Material supplied
_ _ _ _

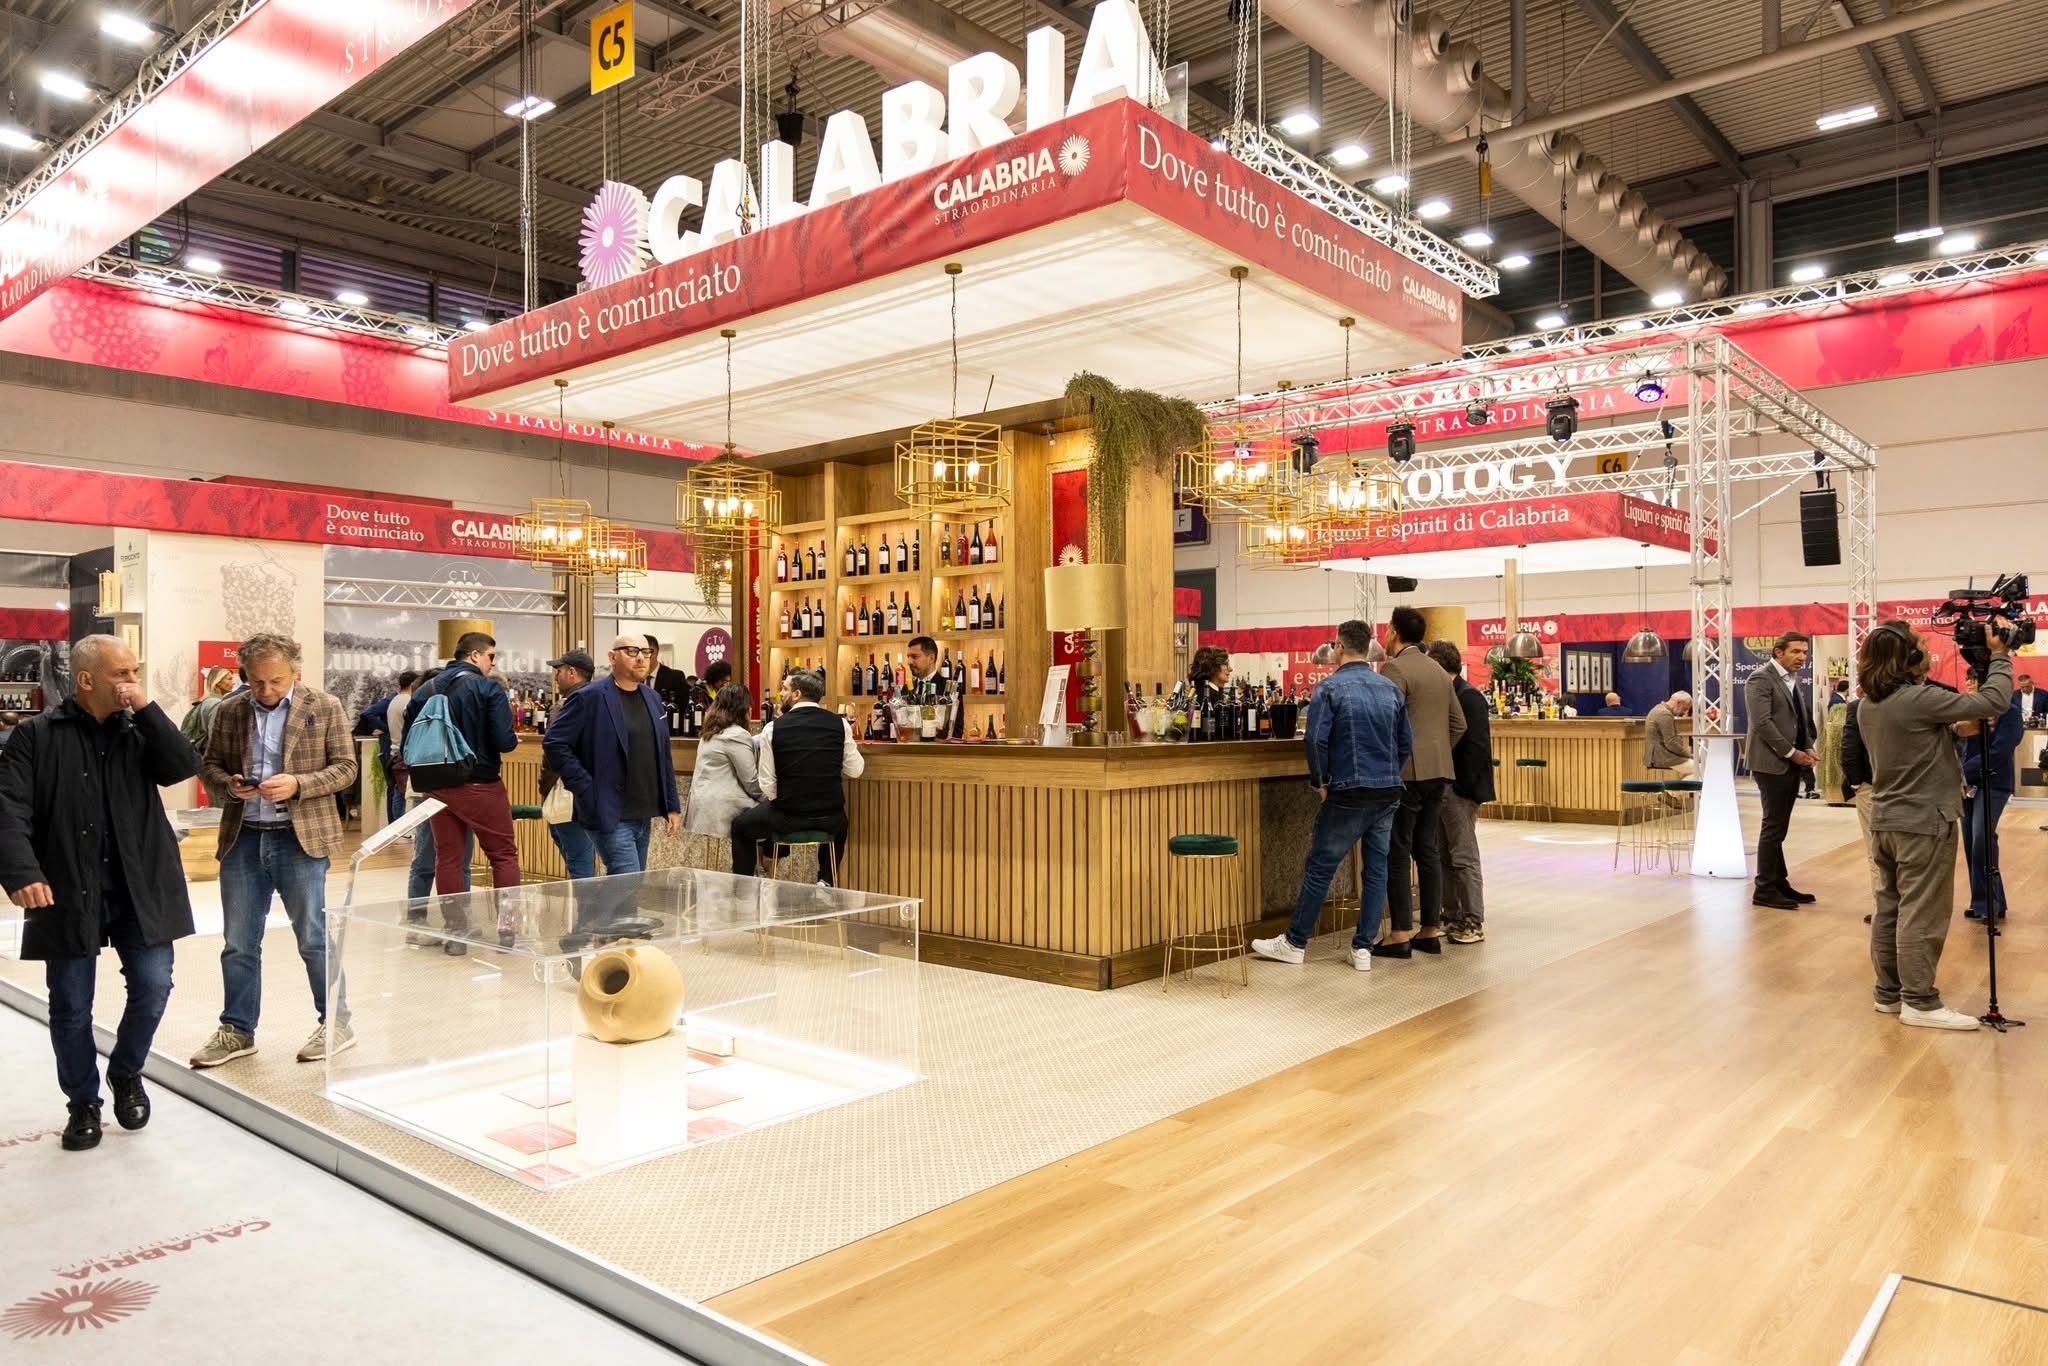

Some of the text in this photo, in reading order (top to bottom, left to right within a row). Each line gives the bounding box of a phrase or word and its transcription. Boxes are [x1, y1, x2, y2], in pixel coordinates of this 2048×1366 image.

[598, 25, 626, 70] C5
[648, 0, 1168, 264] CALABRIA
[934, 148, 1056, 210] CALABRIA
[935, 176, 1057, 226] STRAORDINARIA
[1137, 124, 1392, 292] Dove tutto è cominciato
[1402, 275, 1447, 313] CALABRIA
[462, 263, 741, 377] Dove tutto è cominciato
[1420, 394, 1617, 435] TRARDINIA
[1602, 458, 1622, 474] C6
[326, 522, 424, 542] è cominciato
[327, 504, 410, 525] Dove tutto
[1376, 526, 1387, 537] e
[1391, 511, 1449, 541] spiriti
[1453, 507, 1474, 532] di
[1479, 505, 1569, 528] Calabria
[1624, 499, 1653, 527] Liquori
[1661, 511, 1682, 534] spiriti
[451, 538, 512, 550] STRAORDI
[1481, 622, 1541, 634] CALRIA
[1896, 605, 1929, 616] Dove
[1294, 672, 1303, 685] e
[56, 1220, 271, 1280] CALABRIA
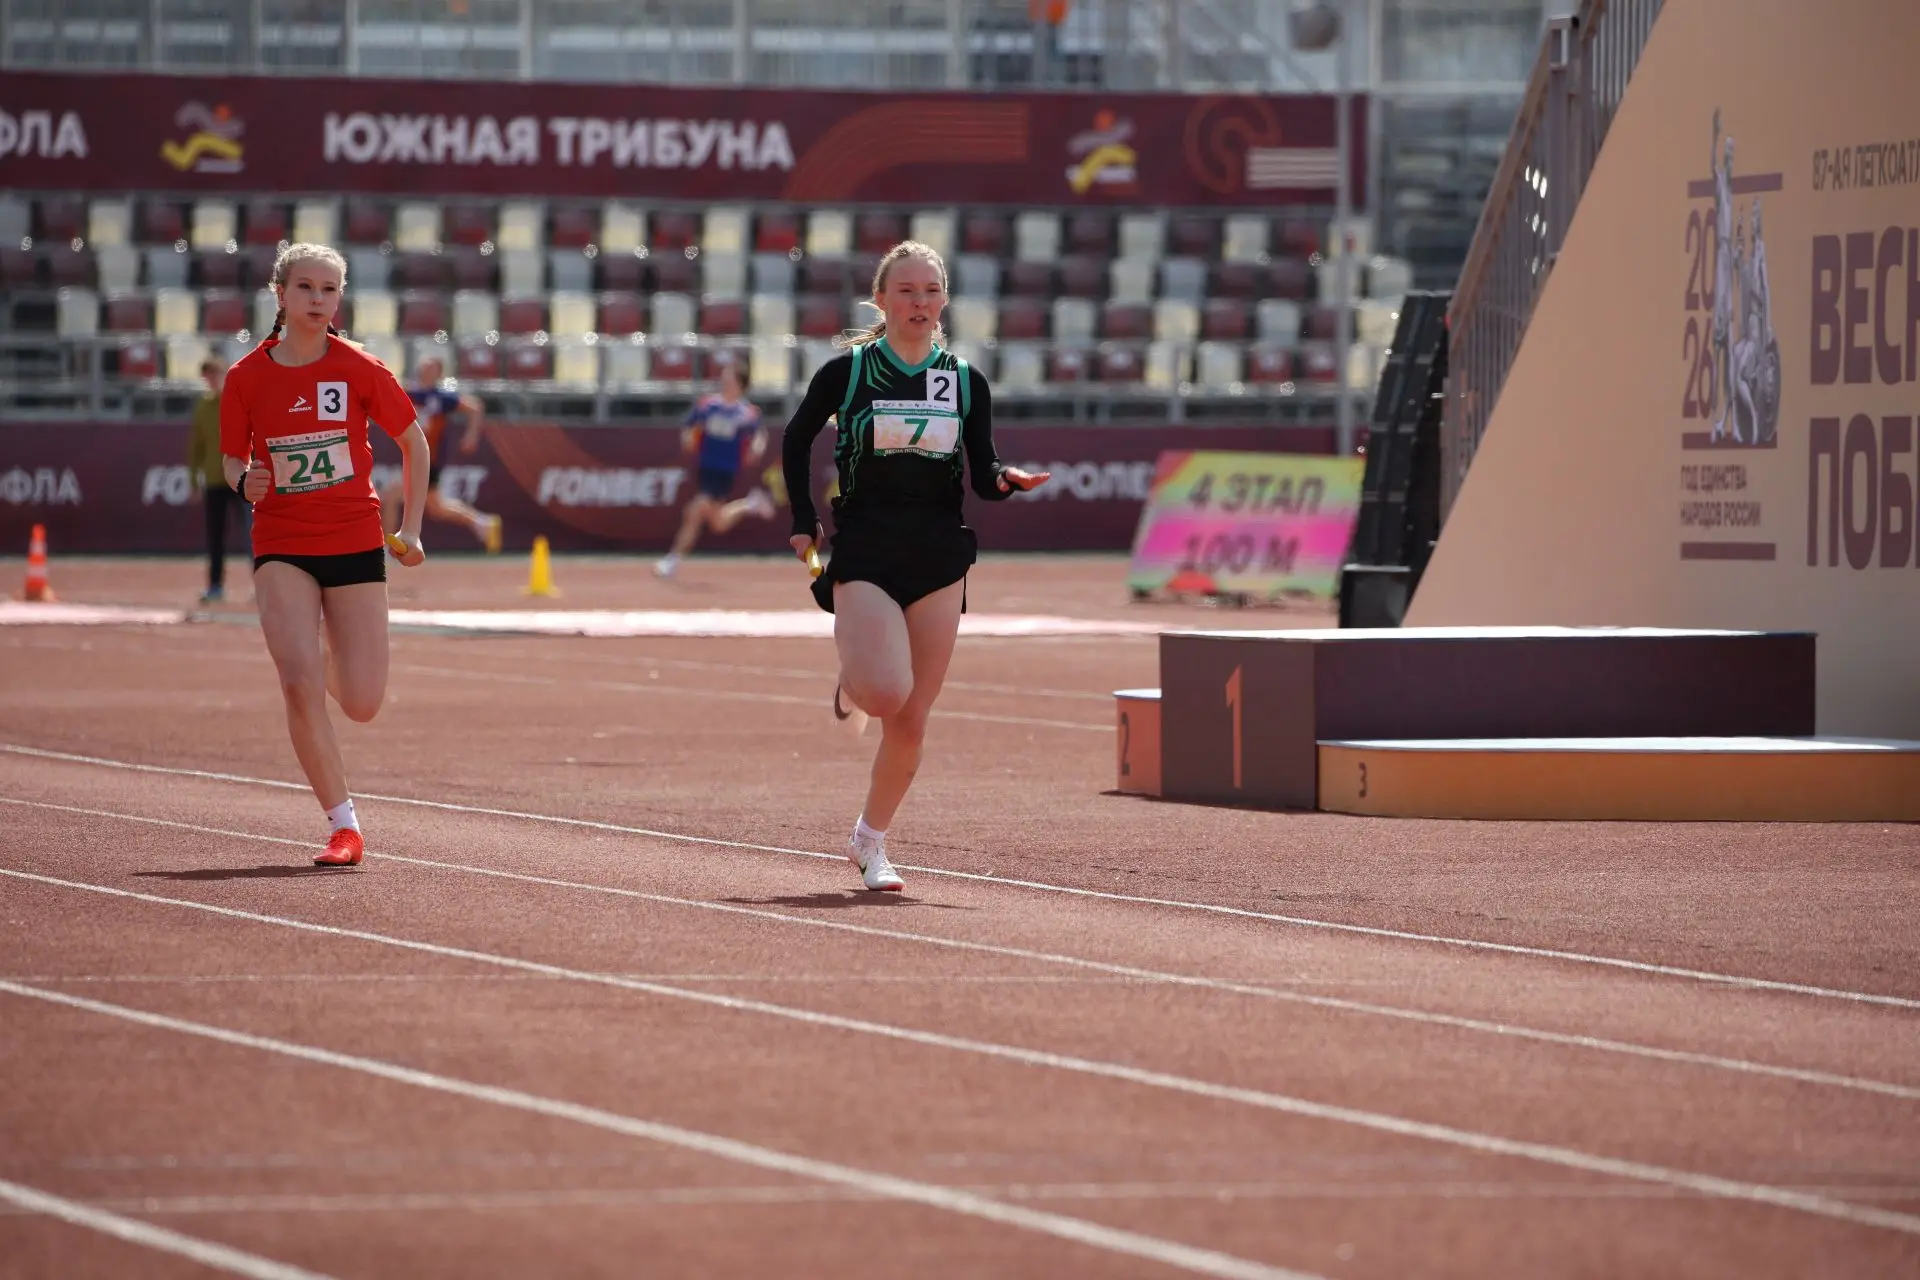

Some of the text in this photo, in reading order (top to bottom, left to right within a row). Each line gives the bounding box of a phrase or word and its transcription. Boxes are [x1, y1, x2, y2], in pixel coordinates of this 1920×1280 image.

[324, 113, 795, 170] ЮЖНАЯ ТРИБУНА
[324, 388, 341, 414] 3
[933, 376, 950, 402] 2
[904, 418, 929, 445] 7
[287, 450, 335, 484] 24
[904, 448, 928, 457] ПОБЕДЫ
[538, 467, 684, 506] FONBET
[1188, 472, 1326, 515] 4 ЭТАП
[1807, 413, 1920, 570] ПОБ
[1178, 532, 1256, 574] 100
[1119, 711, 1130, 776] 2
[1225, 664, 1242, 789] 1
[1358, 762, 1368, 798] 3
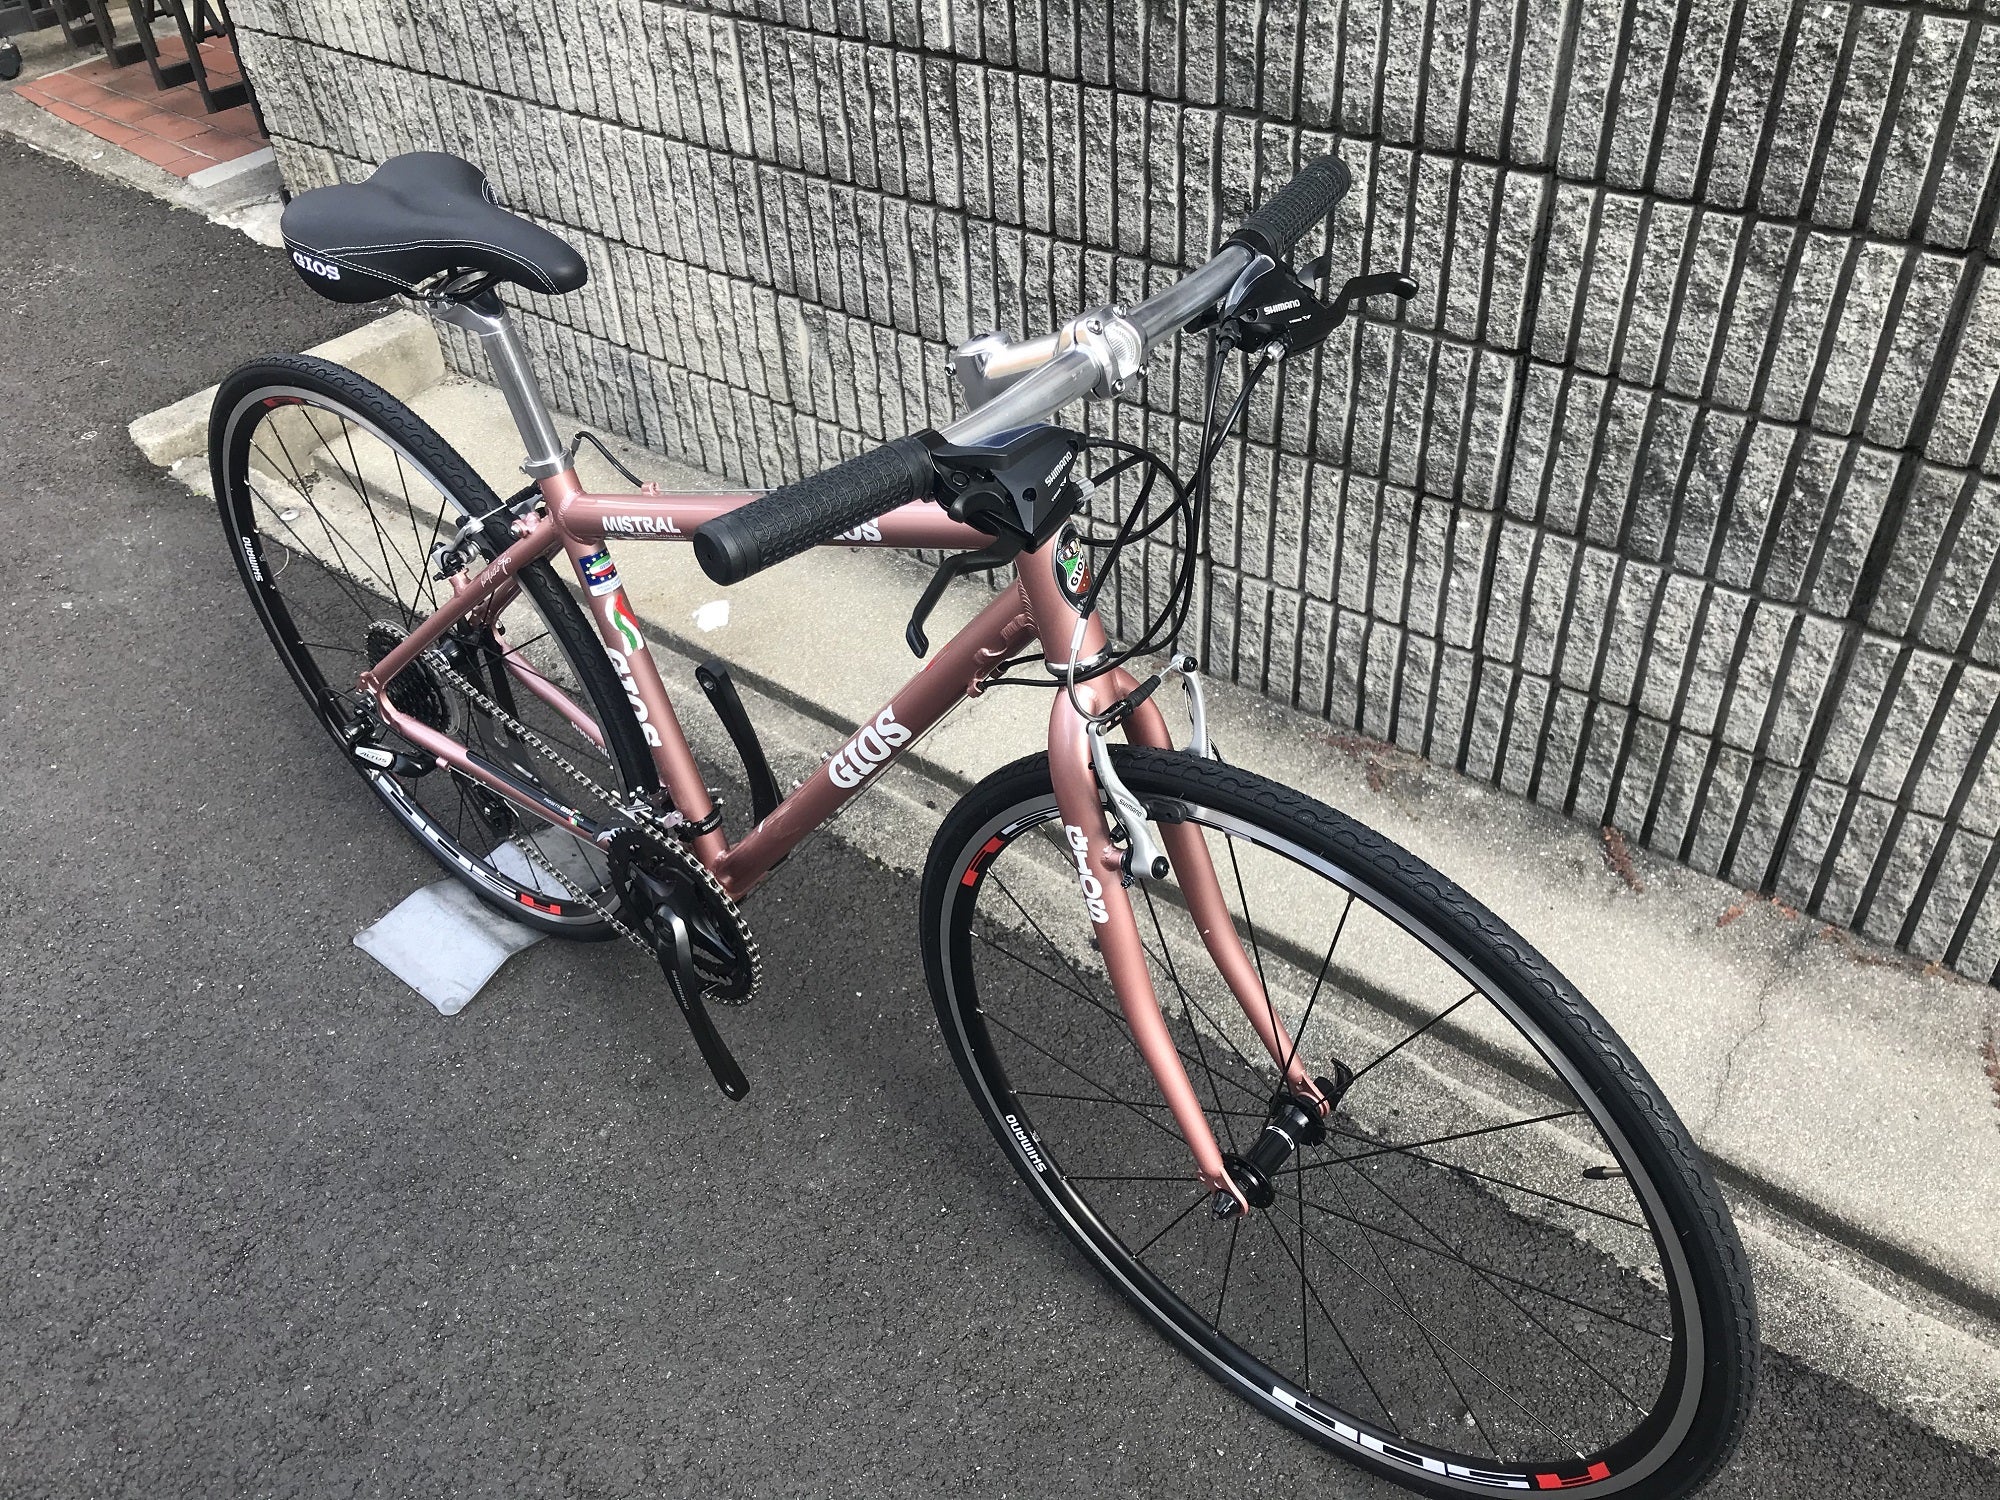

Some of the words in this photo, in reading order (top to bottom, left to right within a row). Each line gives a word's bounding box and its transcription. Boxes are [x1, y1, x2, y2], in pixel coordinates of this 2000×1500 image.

_ _ _ _

A verbatim copy of the listing, with all pictures removed, is required.

Some of the text in this photo, in reading order (top to bottom, left to right within a row). Each line gives the bounding box of a phrase or word and its transcription. Boxes are [x1, y1, x2, y2], in pixel coordinates of this 2048×1366 image.

[598, 25, 626, 70] C5
[648, 0, 1168, 264] CALABRIA
[934, 148, 1056, 210] CALABRIA
[935, 176, 1057, 226] STRAORDINARIA
[1137, 124, 1392, 292] Dove tutto è cominciato
[1402, 275, 1447, 313] CALABRIA
[462, 263, 741, 377] Dove tutto è cominciato
[1420, 394, 1617, 435] TRARDINIA
[1602, 458, 1622, 474] C6
[326, 522, 424, 542] è cominciato
[327, 504, 410, 525] Dove tutto
[1376, 526, 1387, 537] e
[1391, 511, 1449, 541] spiriti
[1453, 507, 1474, 532] di
[1479, 505, 1569, 528] Calabria
[1624, 499, 1653, 527] Liquori
[1661, 511, 1682, 534] spiriti
[451, 538, 512, 550] STRAORDI
[1481, 622, 1541, 634] CALRIA
[1896, 605, 1929, 616] Dove
[1294, 672, 1303, 685] e
[56, 1220, 271, 1280] CALABRIA

Some of the text in this photo, in reading order (top to bottom, left to right within a row). Each line gives the bounding box of a phrase or word and its transcription. Boxes are [x1, y1, x2, y2], in pixel coordinates of this 1920×1280 image.

[324, 113, 795, 170] ЮЖНАЯ ТРИБУНА
[324, 388, 341, 414] 3
[933, 376, 950, 402] 2
[904, 418, 929, 445] 7
[287, 450, 335, 484] 24
[904, 448, 928, 457] ПОБЕДЫ
[538, 467, 684, 506] FONBET
[1188, 472, 1326, 515] 4 ЭТАП
[1807, 413, 1920, 570] ПОБ
[1178, 532, 1256, 574] 100
[1119, 711, 1130, 776] 2
[1225, 664, 1242, 789] 1
[1358, 762, 1368, 798] 3

Some of the words in this photo, in reading order (top to bottom, left to right within a row). Each line gives a word's bounding box and its transcription. Boxes are [x1, y1, x2, y2], in pixel coordinates of this 2000×1500 image.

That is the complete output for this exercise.